Provided records:
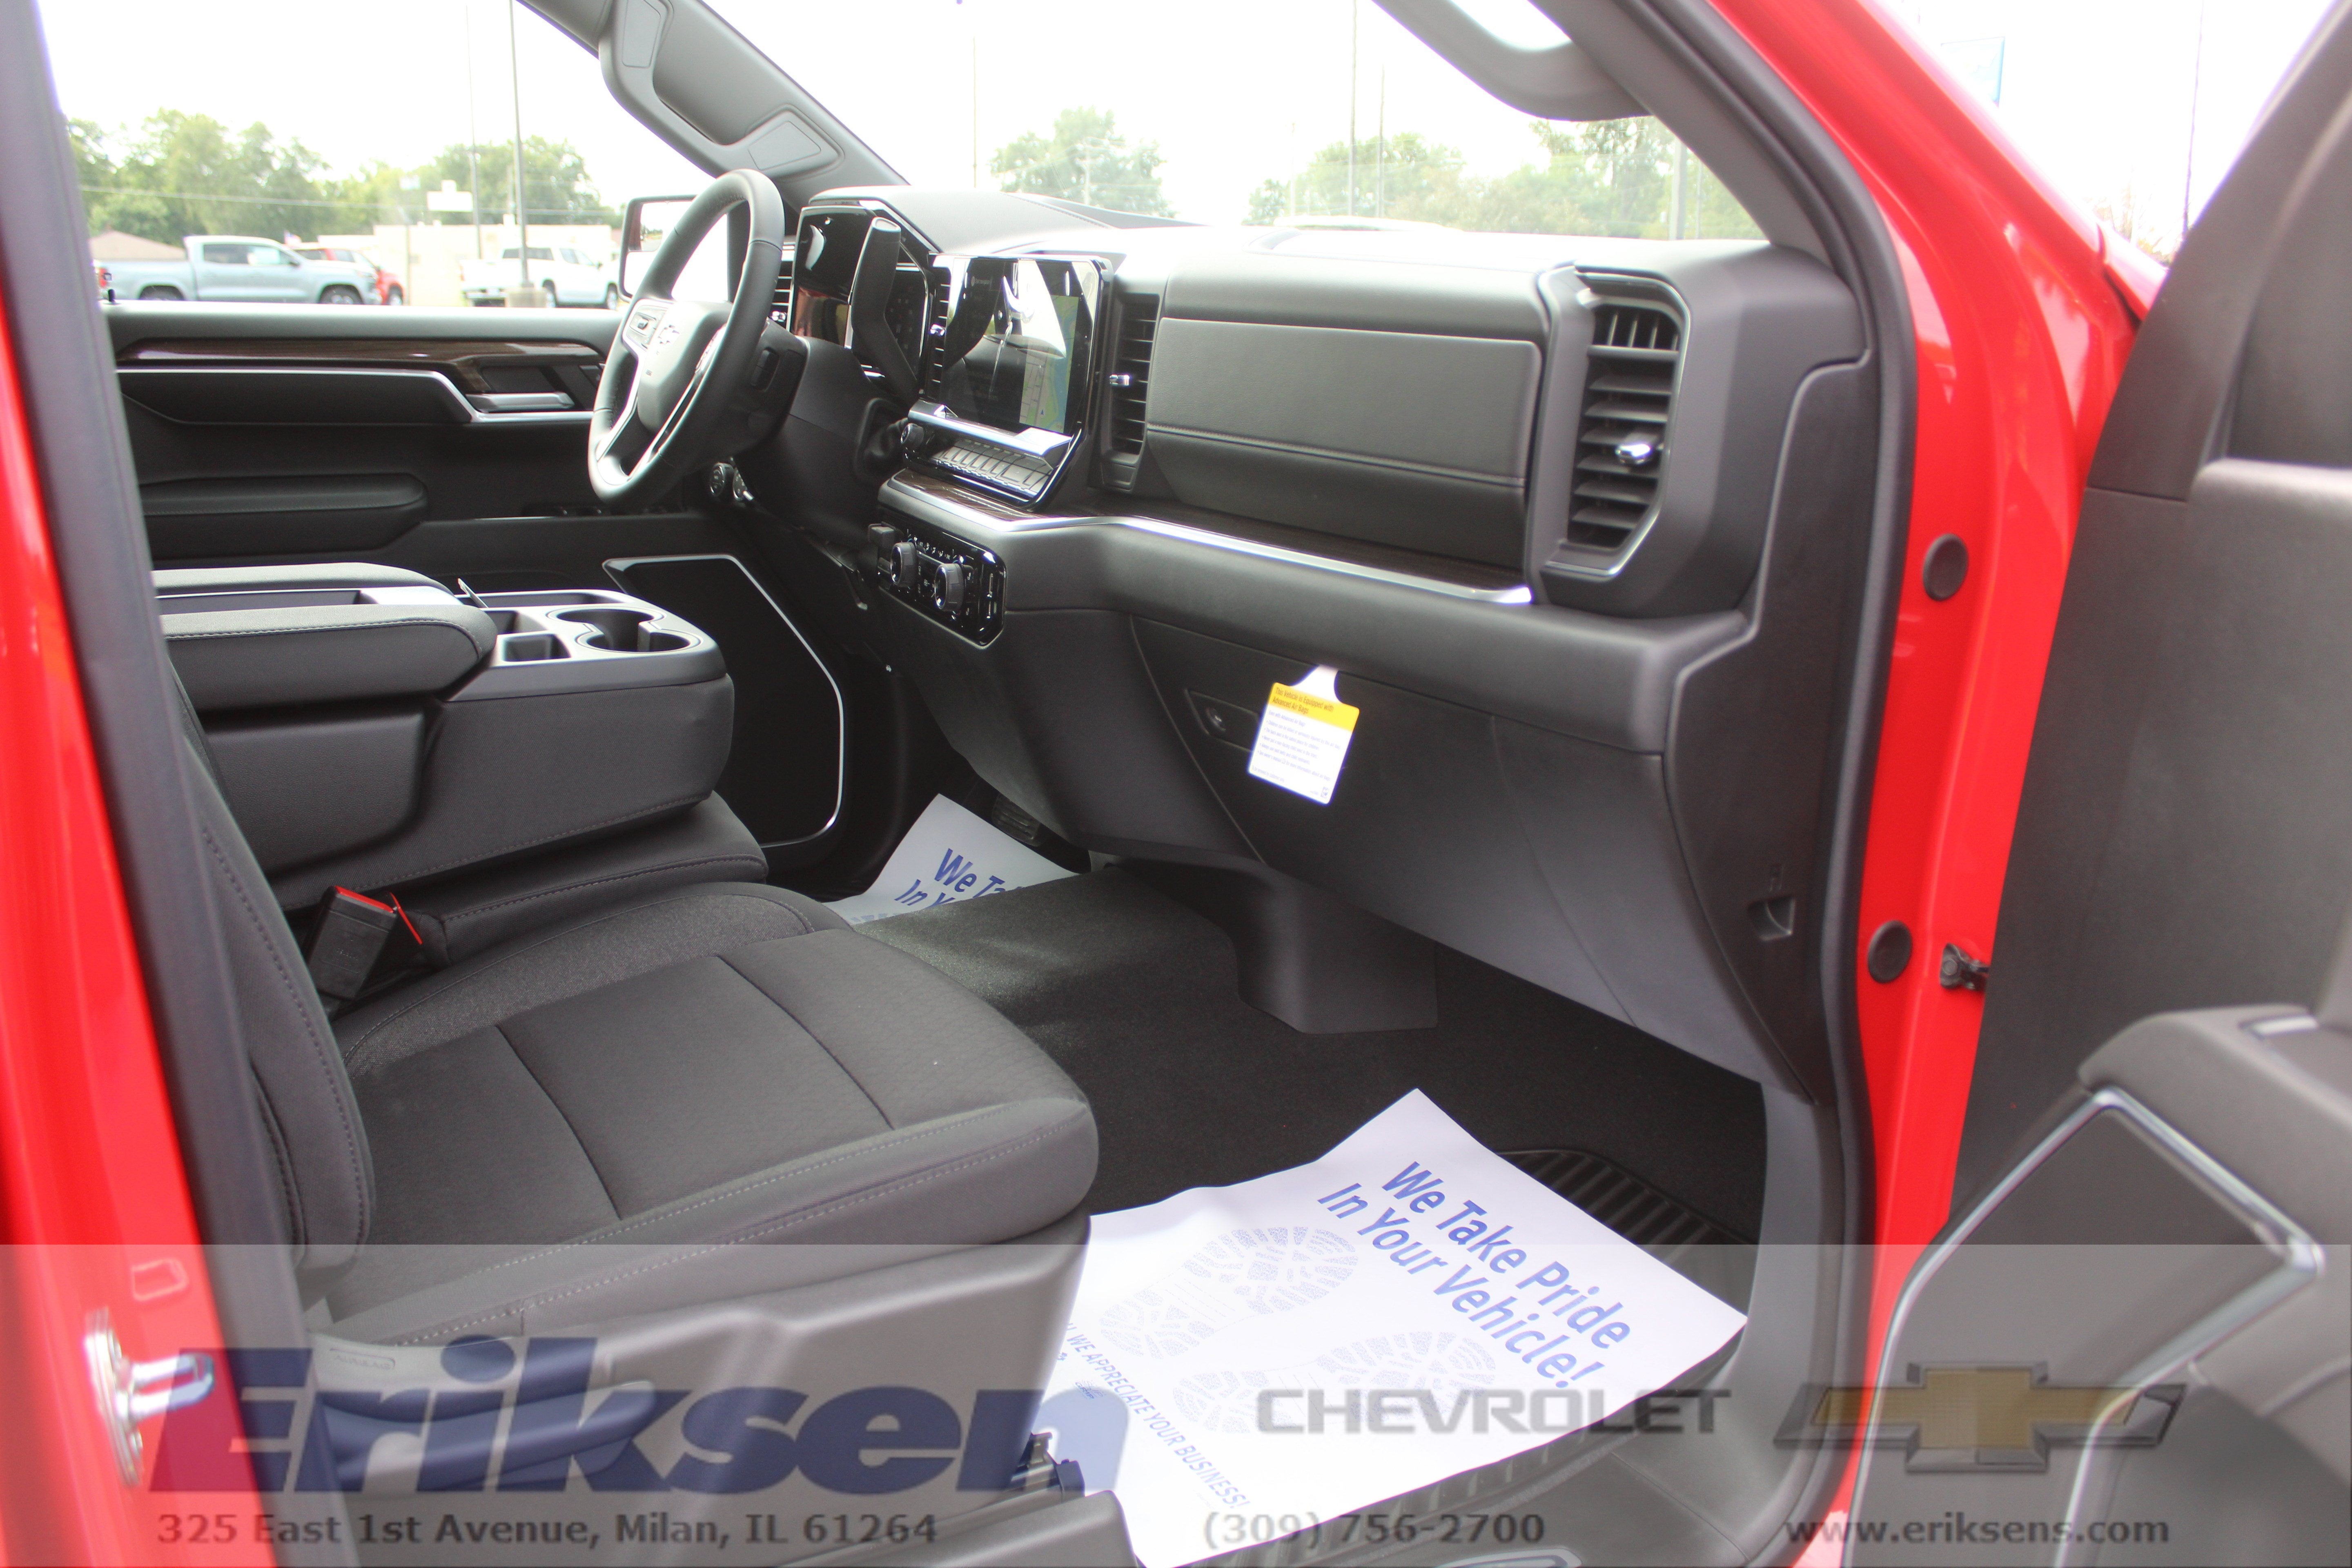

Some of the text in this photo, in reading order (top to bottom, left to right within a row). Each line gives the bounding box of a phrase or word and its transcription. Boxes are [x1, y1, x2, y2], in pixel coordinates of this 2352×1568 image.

[1272, 695, 1292, 708] Advanced
[1297, 704, 1310, 715] Bags
[1274, 687, 1284, 696] This
[1283, 690, 1299, 701] Vehicle
[1302, 696, 1324, 710] Equipped
[1323, 703, 1334, 712] with
[934, 848, 977, 892] We
[894, 879, 927, 906] In
[1382, 1161, 1630, 1349] We Take Pride
[1318, 1183, 1605, 1388] In Your Vehicle!
[1067, 1334, 1096, 1352] WE
[1082, 1354, 1156, 1414] APPRECIATE
[1143, 1412, 1186, 1446] YOUR
[1174, 1445, 1251, 1508] BUSINESS!
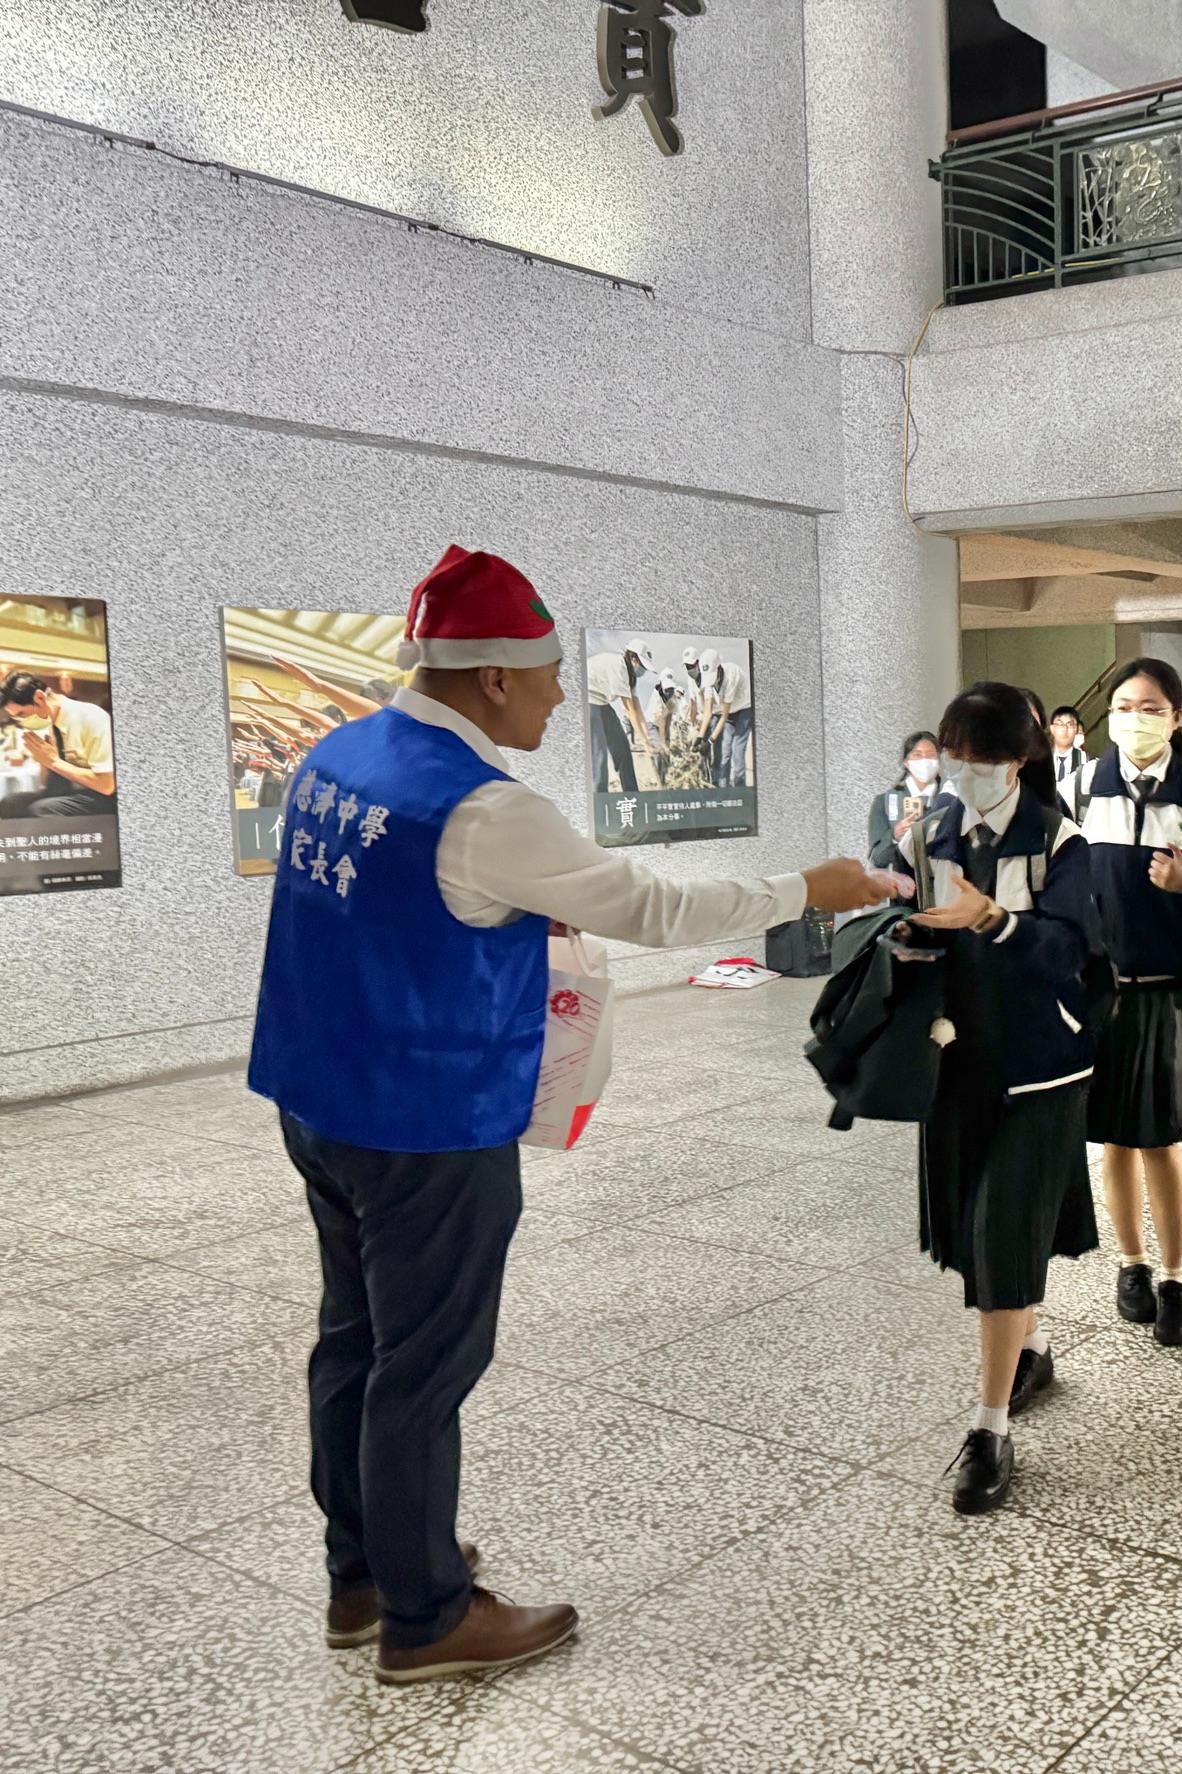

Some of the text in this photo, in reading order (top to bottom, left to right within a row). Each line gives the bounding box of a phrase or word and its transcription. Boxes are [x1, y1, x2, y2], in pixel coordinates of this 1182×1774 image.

[615, 796, 638, 829] 實
[290, 828, 358, 898] 家長會
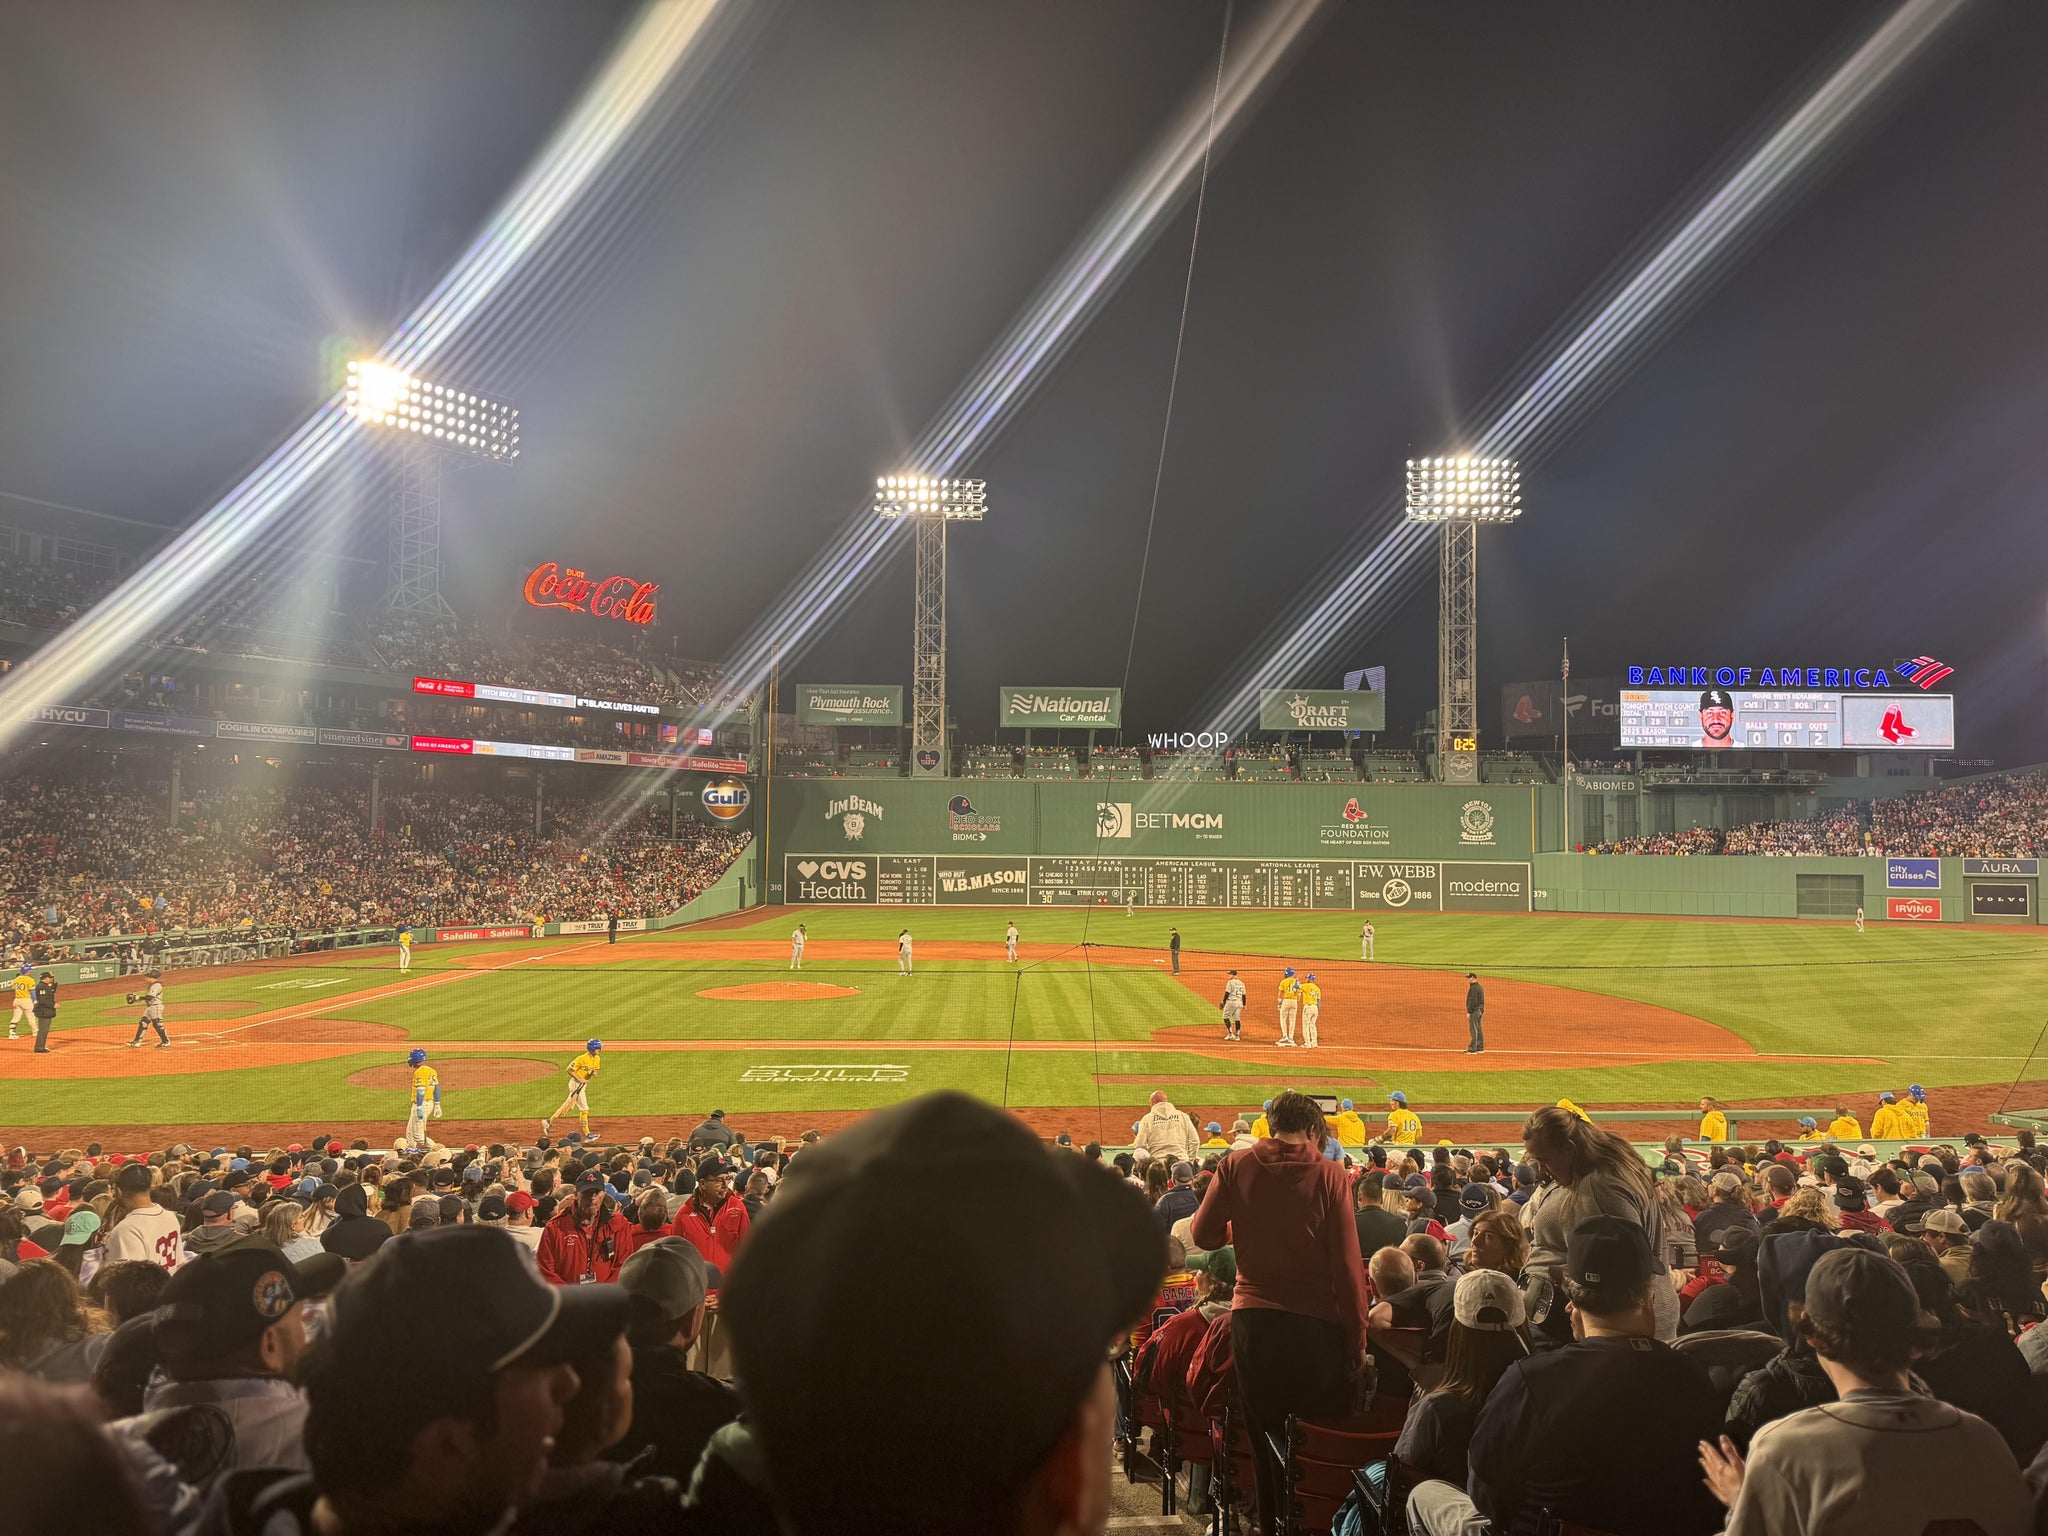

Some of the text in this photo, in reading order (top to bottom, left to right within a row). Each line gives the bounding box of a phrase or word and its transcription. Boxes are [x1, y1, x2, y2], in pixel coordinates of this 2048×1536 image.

[566, 569, 585, 578] ENJOY
[524, 562, 659, 624] Coca-Cola
[1628, 666, 1890, 687] BANK OF AMERICA
[589, 700, 612, 709] BLACK
[613, 702, 633, 711] LIVES
[633, 704, 659, 714] MATTER
[809, 696, 890, 708] Plymouth Rock
[41, 708, 87, 722] HYCU
[1290, 705, 1349, 718] DRAFT
[1060, 714, 1106, 722] Car Rental
[1298, 716, 1348, 727] KINGS
[219, 723, 315, 736] COGHLIN COMPANIES
[1745, 722, 1828, 730] BALLS STRIKES OUTS
[324, 733, 383, 744] vineyard vines
[1147, 732, 1228, 748] WHOOP
[1454, 738, 1476, 750] 0:25
[1672, 737, 1687, 745] 1.22
[1753, 732, 1823, 746] 0 0 2
[596, 753, 621, 761] AMAZING
[1585, 781, 1635, 791] ABIOMED
[704, 790, 747, 805] Gulf
[825, 795, 884, 821] JIM BEAM
[1462, 800, 1492, 811] IBEW 103
[954, 816, 1000, 824] RED SOX
[1135, 813, 1223, 829] BETMGM
[1321, 830, 1389, 838] FOUNDATION
[820, 861, 866, 879] CVS
[1358, 865, 1435, 879] F.W. WEBB
[1890, 865, 1907, 873] city
[800, 882, 866, 900] Health
[1450, 879, 1519, 893] moderna
[1041, 895, 1052, 904] 30
[1360, 890, 1431, 899] Since 1866
[1533, 890, 1547, 898] 379
[1895, 904, 1933, 913] IRVING
[442, 929, 524, 941] Safelite Safelite
[741, 1069, 909, 1078] BUILD
[1402, 1120, 1417, 1132] 16
[155, 1231, 178, 1271] 33

Task objective: Ignore the images and quote every line of the listing exactly.

Task solution:
Some of the text in this photo, in reading order (top to bottom, left to right within a row). Each line gives the bounding box of a phrase or word and its transcription. Boxes are [x1, y1, x2, y2], in pixel coordinates of this 2352×1568 image.

[1272, 695, 1292, 708] Advanced
[1297, 704, 1310, 715] Bags
[1274, 687, 1284, 696] This
[1283, 690, 1299, 701] Vehicle
[1302, 696, 1324, 710] Equipped
[1323, 703, 1334, 712] with
[934, 848, 977, 892] We
[894, 879, 927, 906] In
[1382, 1161, 1630, 1349] We Take Pride
[1318, 1183, 1605, 1388] In Your Vehicle!
[1067, 1334, 1096, 1352] WE
[1082, 1354, 1156, 1414] APPRECIATE
[1143, 1412, 1186, 1446] YOUR
[1174, 1445, 1251, 1508] BUSINESS!

Some of the text in this photo, in reading order (top to bottom, left to right within a row). Each line gives the bounding box of a phrase or word and its transcription. Boxes are [x1, y1, x2, y2], in pixel coordinates of this 1182×1774 image.

[615, 796, 638, 829] 實
[290, 828, 358, 898] 家長會

Some of the text in this photo, in reading order (top to bottom, left to right within a row). Each line gives the bounding box of a phrase or word and its transcription. Boxes are [x1, y1, x2, y2], in pixel coordinates of this 2048×1536 image.

[566, 569, 585, 578] ENJOY
[524, 562, 659, 624] Coca-Cola
[1628, 666, 1890, 687] BANK OF AMERICA
[589, 700, 612, 709] BLACK
[613, 702, 633, 711] LIVES
[633, 704, 659, 714] MATTER
[809, 696, 890, 708] Plymouth Rock
[41, 708, 87, 722] HYCU
[1290, 705, 1349, 718] DRAFT
[1060, 714, 1106, 722] Car Rental
[1298, 716, 1348, 727] KINGS
[219, 723, 315, 736] COGHLIN COMPANIES
[1745, 722, 1828, 730] BALLS STRIKES OUTS
[324, 733, 383, 744] vineyard vines
[1147, 732, 1228, 748] WHOOP
[1454, 738, 1476, 750] 0:25
[1672, 737, 1687, 745] 1.22
[1753, 732, 1823, 746] 0 0 2
[596, 753, 621, 761] AMAZING
[1585, 781, 1635, 791] ABIOMED
[704, 790, 747, 805] Gulf
[825, 795, 884, 821] JIM BEAM
[1462, 800, 1492, 811] IBEW 103
[954, 816, 1000, 824] RED SOX
[1135, 813, 1223, 829] BETMGM
[1321, 830, 1389, 838] FOUNDATION
[820, 861, 866, 879] CVS
[1358, 865, 1435, 879] F.W. WEBB
[1890, 865, 1907, 873] city
[800, 882, 866, 900] Health
[1450, 879, 1519, 893] moderna
[1041, 895, 1052, 904] 30
[1360, 890, 1431, 899] Since 1866
[1533, 890, 1547, 898] 379
[1895, 904, 1933, 913] IRVING
[442, 929, 524, 941] Safelite Safelite
[741, 1069, 909, 1078] BUILD
[1402, 1120, 1417, 1132] 16
[155, 1231, 178, 1271] 33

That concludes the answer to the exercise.